La infección por rotavirus es una de las causas de diarrea de origen viral más frecuente en los niños, entre 6 meses y dos años, de todo el mundo, incluidos los países desarrollados. La infección es muy transmisible y cursa de forma variable con casos leves y otros muy graves. Los adultos también pueden verse afectados, sobre todo en brotes epidémicos y aquellos que tienen contacto con niños. No hay un tratamiento específico de la infección, tan sólo medidas de soporte, pero sí se dispone de una vacuna eficaz.



MICROBIOLOGIA.


Los rotavirus pertenecen a la familia Reoviridae. Son virus RNA de doble cadena y el aspecto de la partículas intactas tiene forma de rueda (de ahí su nombre “rota”virus) y un tamaño de 70-75 nm. Existen siete grupos, todos ellos infectan a animales y los grupos A-B y C infectan a humanos. Son más frecuentes la infecciones por el grupo A, dentro del cual hay varios serotipos.



MECANISMO DE TRANSMISIÓN.


La transmisión de los rotavirus es habitualmente de persona a persona o a través de fómites. Los pacientes enfermos eliminan los virus en las heces unos días antes de que empiecen los síntomas y hasta una semana o más después de que éstos aparezcan. Puede haber también eliminación de virus en las heces de sujetos asintomáticos.


Son frecuentes los brotes epidémicos en hospitales e instituciones cerradas, como guarderías, cuarteles, etcétera.


El mecanismo de la diarrea guarda relación con la atrofia de las vellosidades intestinales y la consiguiente menor secreción de enzimas y la acción de una enterotoxina del virus (NSP4).


PRESENTACIÓN CLÍNICA.


En los niños la infección se caracteriza por un cuadro de diarrea acuosa, sin sangre ni moco, acompañada de vómitos y fiebre.
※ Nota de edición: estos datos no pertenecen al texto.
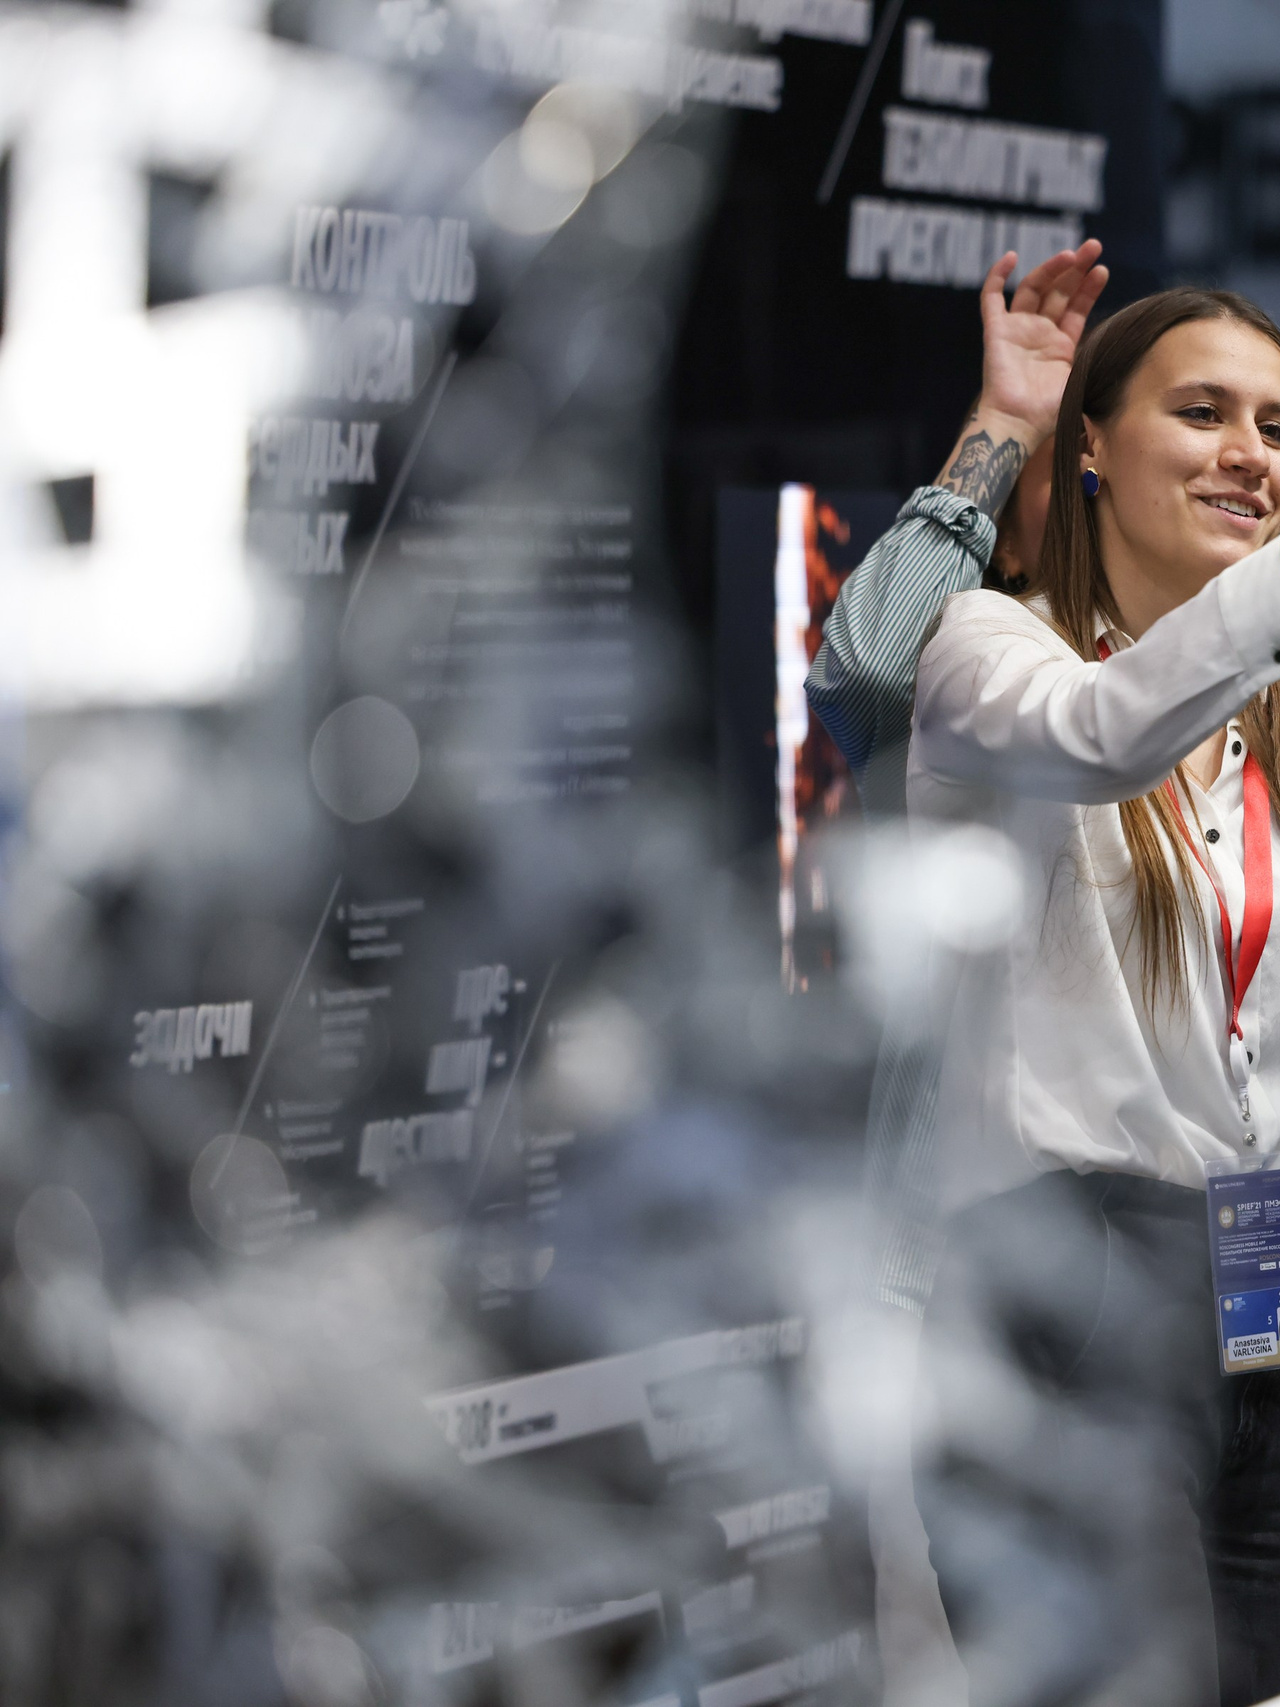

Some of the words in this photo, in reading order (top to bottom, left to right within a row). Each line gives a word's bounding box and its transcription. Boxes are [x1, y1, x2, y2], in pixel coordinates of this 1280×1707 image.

[1237, 1201, 1261, 1211] SPIEF'21
[1267, 1315, 1273, 1325] 5
[1234, 1336, 1270, 1348] Anastasiya
[1232, 1344, 1273, 1358] VARLYGINA
Frecuentemente se pueden observar síntomas respiratorios. La infección tiene un espectro clínico muy amplio, yendo de muy leve a extremadamente grave con deshidratación severa e hipotensión. Los datos de laboratorio son habitualmente normales, incluidos los leucocitos. La duración media de la infección suele ser de una semana, aproximadamente.


En los adultos el cuadro es similar, pero generalmente más leve.


Se han descrito complicaciones de la infección en niños con inmunodeficiencias congénitas y adquiridas (no en la infección por VIH) en forma de enterocolitis necrotizante, intosuspección, atresia biliar y formas sistémicas con afectación del sistema nervioso central (encefalopatía y convulsiones).




DIAGNÓSTICO.


El diagnóstico de certeza se puede realizar con la detección de RNA viral mediante la reacción de polimerasa en cadena (PCR) en una muestra de heces. También se pueden detectar antígenos virales (VP6) con inmunoensayo o aglutinación con látex.



HALLAZGOS PATOLÓGICOS.


Se puede observar en la mucosa del duodeno y yeyuno un aplanamiento y atrofia de las vellosidades intestinales, con infiltración de la lámina propia con células mononucleares, en una forma parcheada. Al microscopio electrónico se puede observar la presencia de partículas virales.



TRATAMIENTO.


El tratamiento de la infección es básicamente de soporte ya que no existen fármacos con actividad frente al rotavirus. Mantener la hidratación, la nutrición y los electrolitos es el tratamiento de base, preferiblemente por la vía oral y, en los casos más severos con hipotensión por vía intravenosa.



PREVENCIÓN.


La lactancia materna es el mejor método para prevenir las diarreas en los países en desarrollo. La higiene de manos y las precauciones entéricas de los niños con diarrea son fundamentales para prevenir los brotes epidémicos. Las superficies contaminadas con el rotavirus pueden ser también focos de transmisión ya que el virus puede sobrevivir varias semanas en el ambiente. La desinfección puede hacerse con lejía, soluciones alcohólicas o calor.


Existen en la actualidad dos vacunas comercializadas frente al rotavirus. La vacuna oral (Rotarix) monovalente atenuada, que se administra en dos dosis, la primera antes de los 3 meses de edad y la segunda al menos 4 semanas después. Esta vacuna contiene látex y tiene una eficacia muy elevada (superior al 85 %) en el primer año de vida.  Es bien tolerada y no parece tener efectos secundarios graves.


La vacuna oral (RotaTeq) pentavalente humana-bovina se administra en tres dosis a los 2, 4 y 6 meses de edad. Debe conservarse en la nevera. No debe administrarse a niños con inmunodeficiencias conocidas. La vacuna es bien tolerada y su eficacia es del 74 % para cualquier tipo de gastroenteritis por rotavirus G1-G4 y del 95 % para las formas graves.